> [TASK GOAL]: Quote the records below in full, exactly as given, with the images taken out.

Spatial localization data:
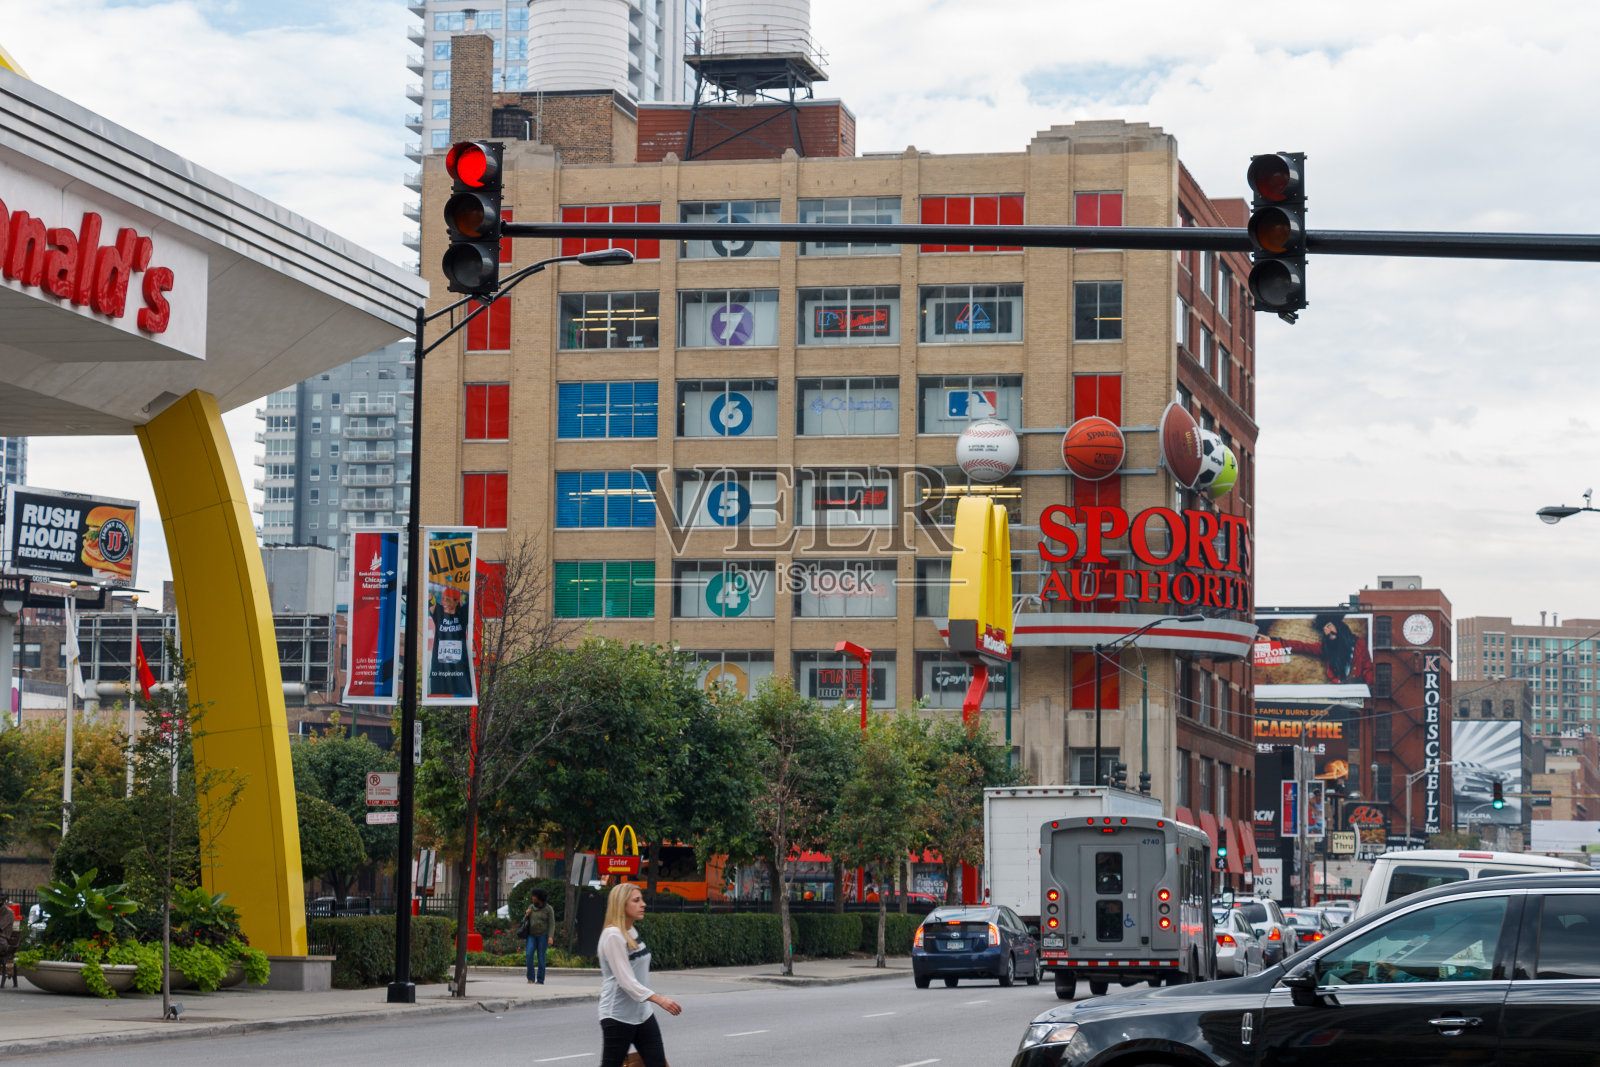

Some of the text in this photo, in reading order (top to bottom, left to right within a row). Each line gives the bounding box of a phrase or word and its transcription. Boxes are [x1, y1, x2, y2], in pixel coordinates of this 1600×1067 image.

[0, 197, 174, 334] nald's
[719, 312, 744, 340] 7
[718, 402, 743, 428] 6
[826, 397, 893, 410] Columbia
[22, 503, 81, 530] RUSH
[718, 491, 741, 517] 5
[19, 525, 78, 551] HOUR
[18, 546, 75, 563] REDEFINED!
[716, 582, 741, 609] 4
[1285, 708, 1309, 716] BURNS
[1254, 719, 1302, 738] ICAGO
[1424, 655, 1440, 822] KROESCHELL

> [ANSWER AREA]:
Some of the text in this photo, in reading order (top to bottom, left to right within a row). Each line gives the bounding box of a phrase or word and its transcription. Boxes are [x1, y1, x2, y2], in pixel coordinates of this 1600×1067 image.

[0, 197, 174, 334] nald's
[719, 312, 744, 340] 7
[718, 402, 743, 428] 6
[826, 397, 893, 410] Columbia
[22, 503, 81, 530] RUSH
[718, 491, 741, 517] 5
[19, 525, 78, 551] HOUR
[18, 546, 75, 563] REDEFINED!
[716, 582, 741, 609] 4
[1285, 708, 1309, 716] BURNS
[1254, 719, 1302, 738] ICAGO
[1424, 655, 1440, 822] KROESCHELL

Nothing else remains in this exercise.